Begin at the line below that contains "this 1920×1440 image." and write out every line from there to the end of the entries, exactly.

> **PROVIDED DATA**:
_____

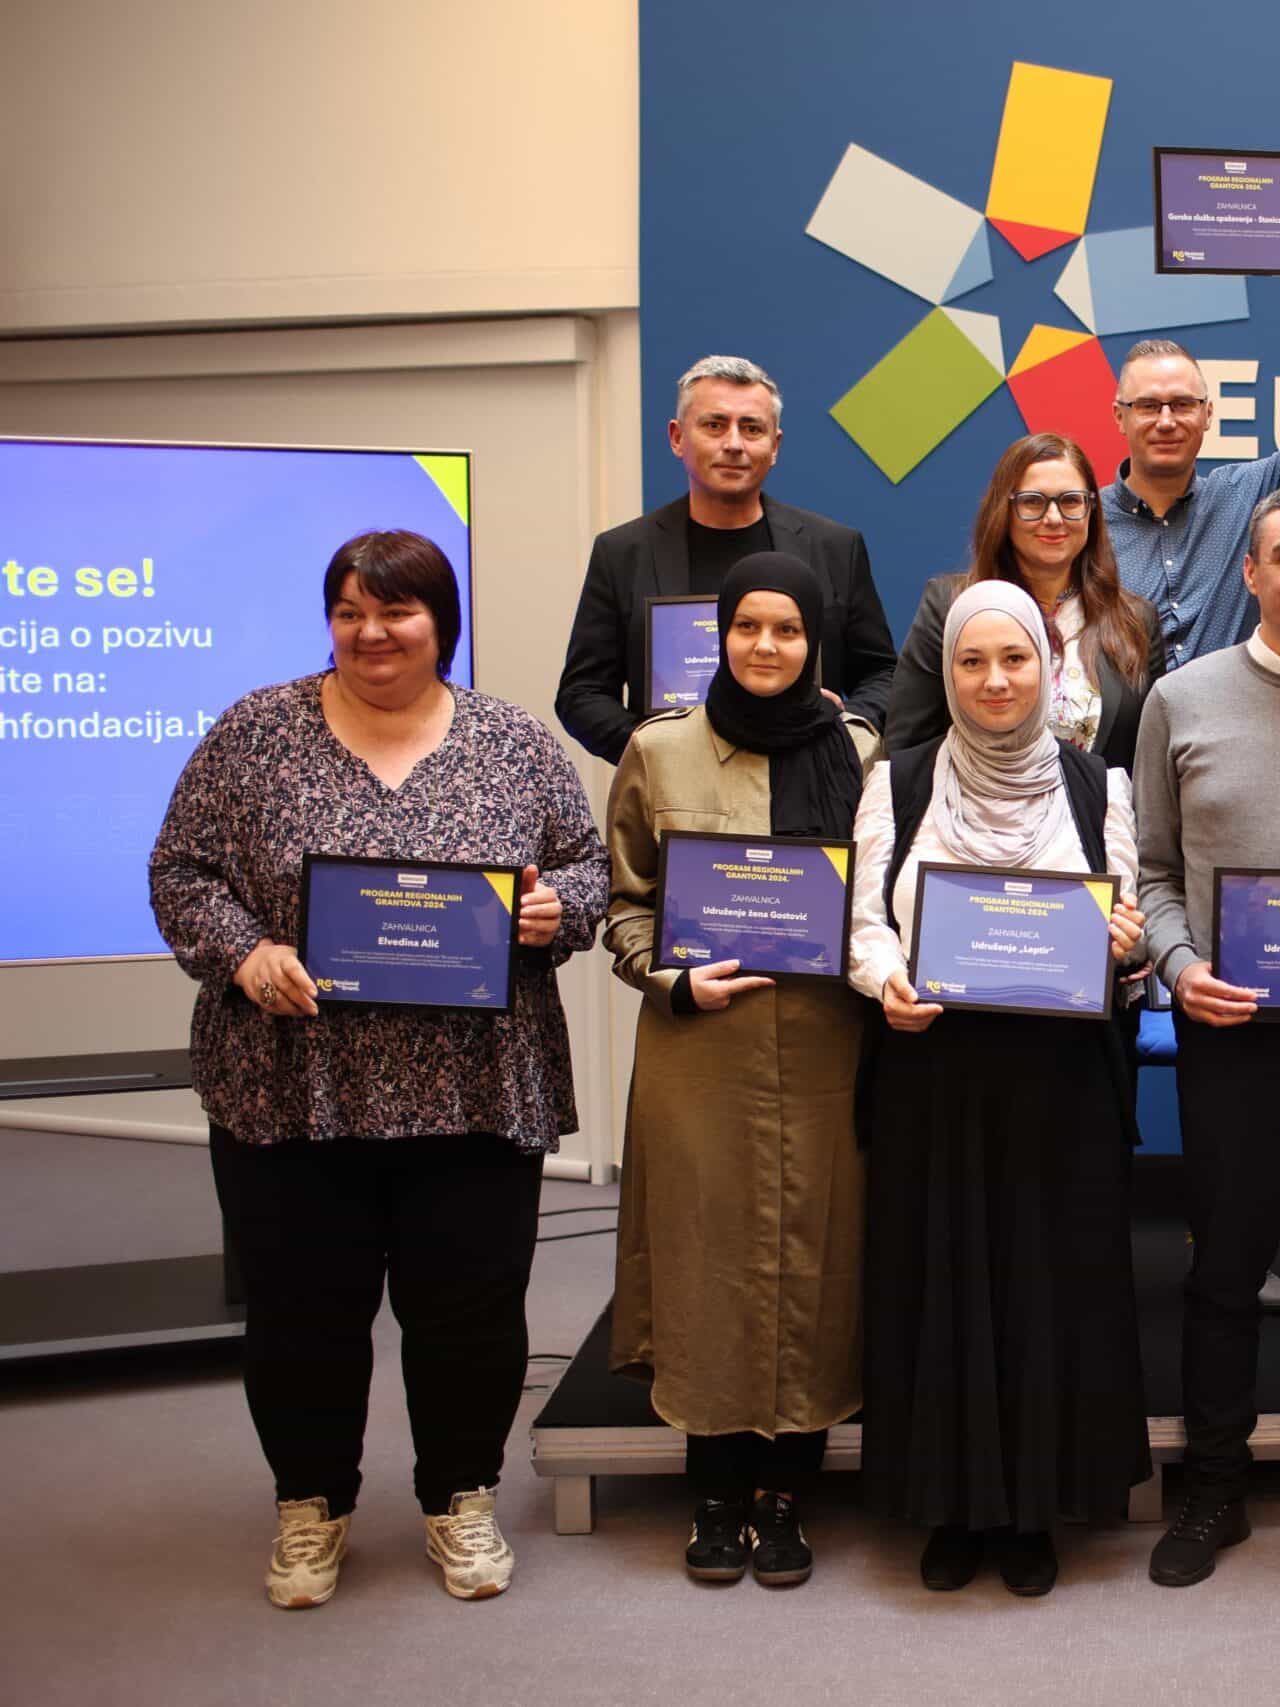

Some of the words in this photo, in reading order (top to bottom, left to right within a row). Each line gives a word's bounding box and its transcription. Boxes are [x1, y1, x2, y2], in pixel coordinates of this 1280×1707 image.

[2, 560, 58, 596] te
[75, 558, 155, 597] se!
[0, 620, 60, 654] cija
[71, 626, 91, 648] o
[103, 621, 212, 654] pozivu
[53, 672, 107, 693] na:
[360, 889, 403, 899] PROGRAM
[375, 899, 422, 908] GRANTOVA
[703, 906, 747, 919] Udruženje
[748, 909, 768, 919] žena
[770, 910, 808, 921] Gostović
[381, 922, 437, 933] ZAHVALNICA
[378, 936, 419, 948] Elvedina
[420, 938, 440, 949] Alić
[971, 940, 1017, 954] Udruženje
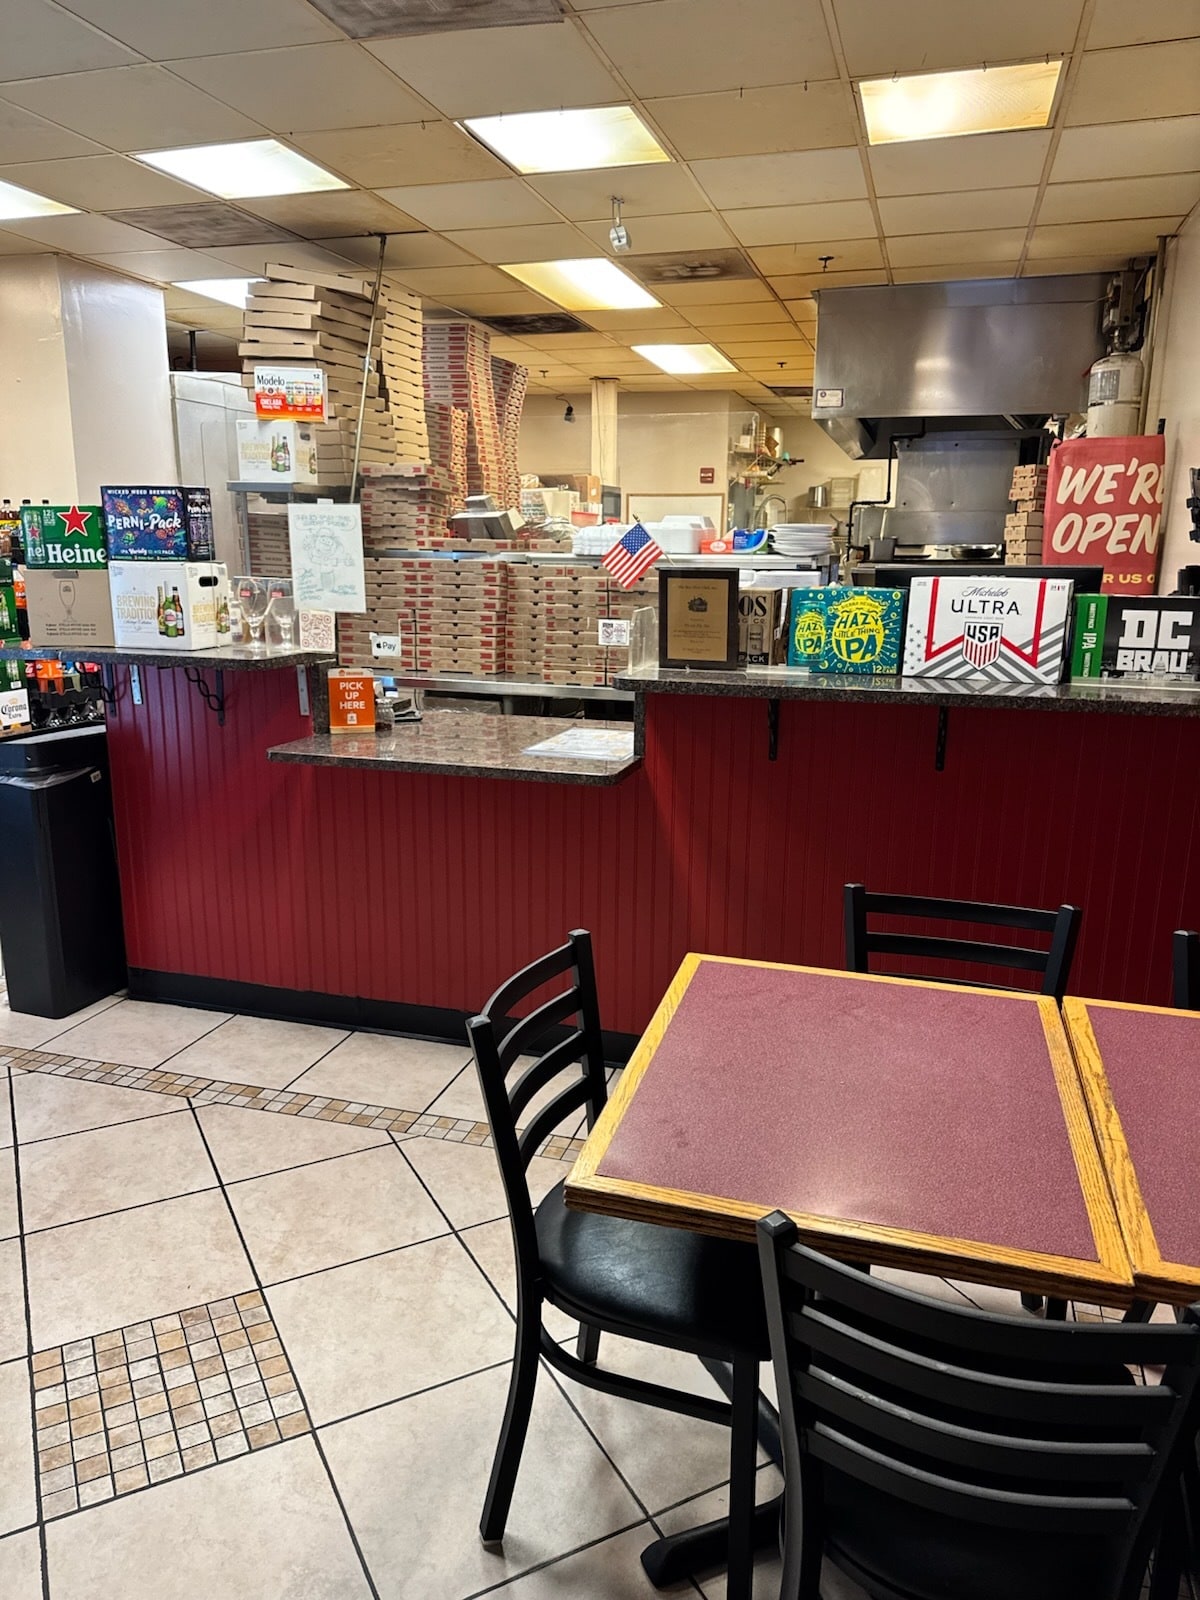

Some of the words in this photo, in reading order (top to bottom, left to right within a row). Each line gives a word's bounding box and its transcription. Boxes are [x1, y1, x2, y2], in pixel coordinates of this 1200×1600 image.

[257, 374, 285, 386] Modelo
[1052, 512, 1161, 555] OPEN
[46, 543, 107, 564] Heine
[1118, 573, 1142, 584] US
[961, 586, 1010, 598] Michelob
[116, 594, 156, 607] BREWING
[951, 599, 1020, 616] ULTRA
[837, 612, 879, 629] HAZY
[798, 622, 823, 633] HAZY
[834, 631, 855, 639] LITTLE
[857, 625, 881, 635] THING
[967, 625, 1000, 643] USA
[1118, 609, 1194, 650] DC
[382, 642, 396, 651] Pay
[797, 636, 822, 652] IPA
[1082, 632, 1097, 650] IPA
[834, 635, 879, 661] IPA
[738, 655, 765, 663] PACK
[1116, 649, 1188, 673] BRAU
[873, 664, 883, 674] 12
[340, 682, 364, 690] PICK
[1, 704, 27, 715] Corona
[340, 701, 366, 709] HERE
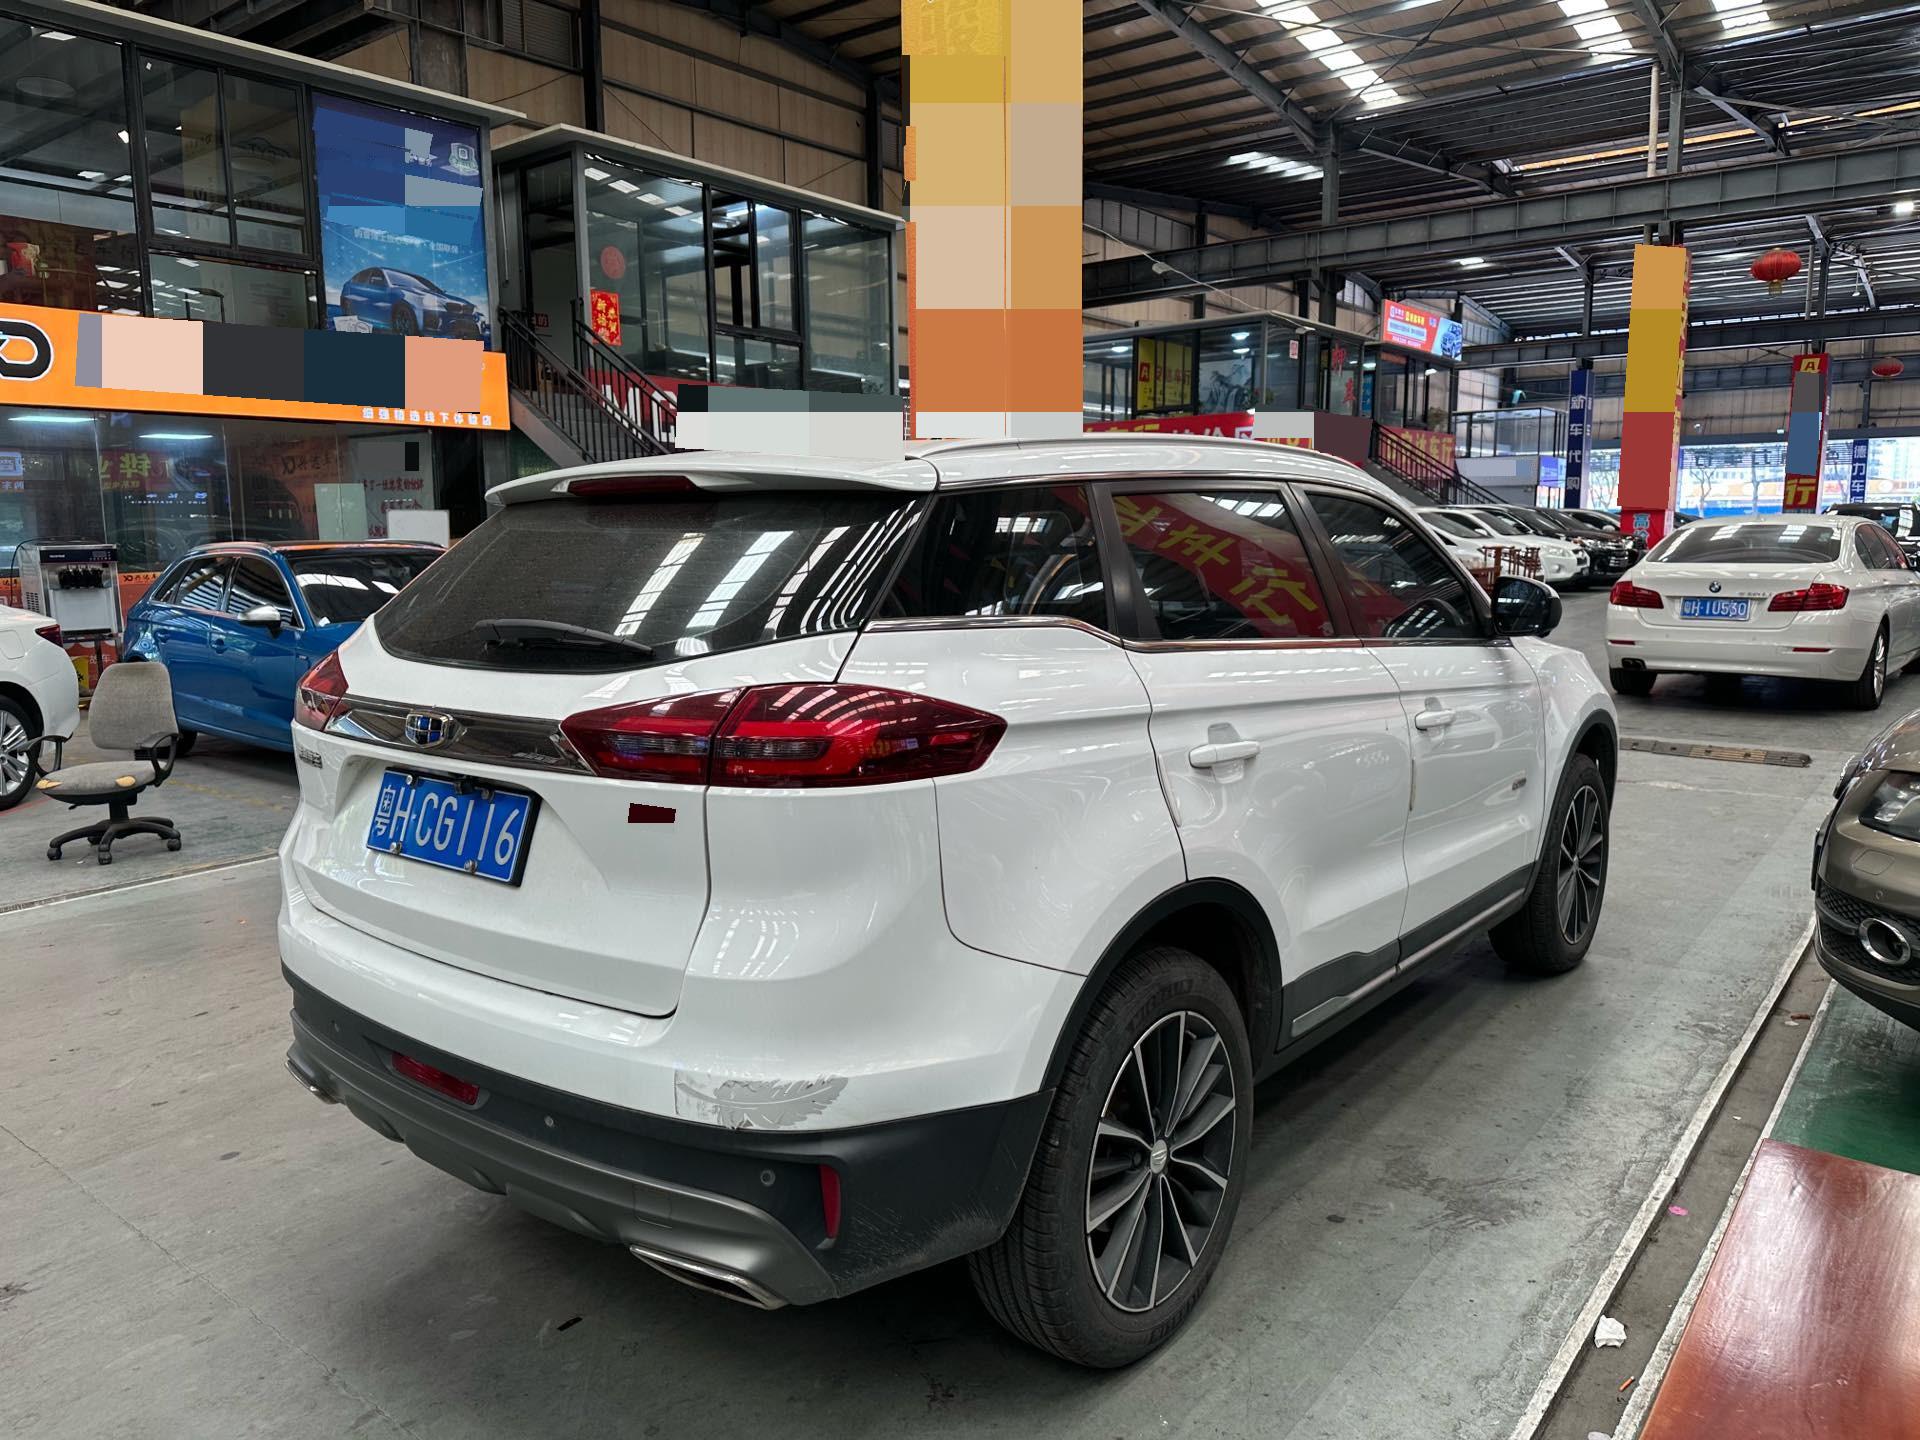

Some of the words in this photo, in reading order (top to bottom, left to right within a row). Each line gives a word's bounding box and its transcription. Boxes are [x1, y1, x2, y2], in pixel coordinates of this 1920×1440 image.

[1566, 395, 1587, 491] 新车代购
[1785, 478, 1817, 506] 行

_____

> **RESULT**:
Some of the words in this photo, in reading order (top to bottom, left to right within a row). Each line gives a word's bounding box and its transcription. Boxes are [x1, y1, x2, y2], in pixel coordinates of this 1920×1440 image.

[1566, 395, 1587, 491] 新车代购
[1785, 478, 1817, 506] 行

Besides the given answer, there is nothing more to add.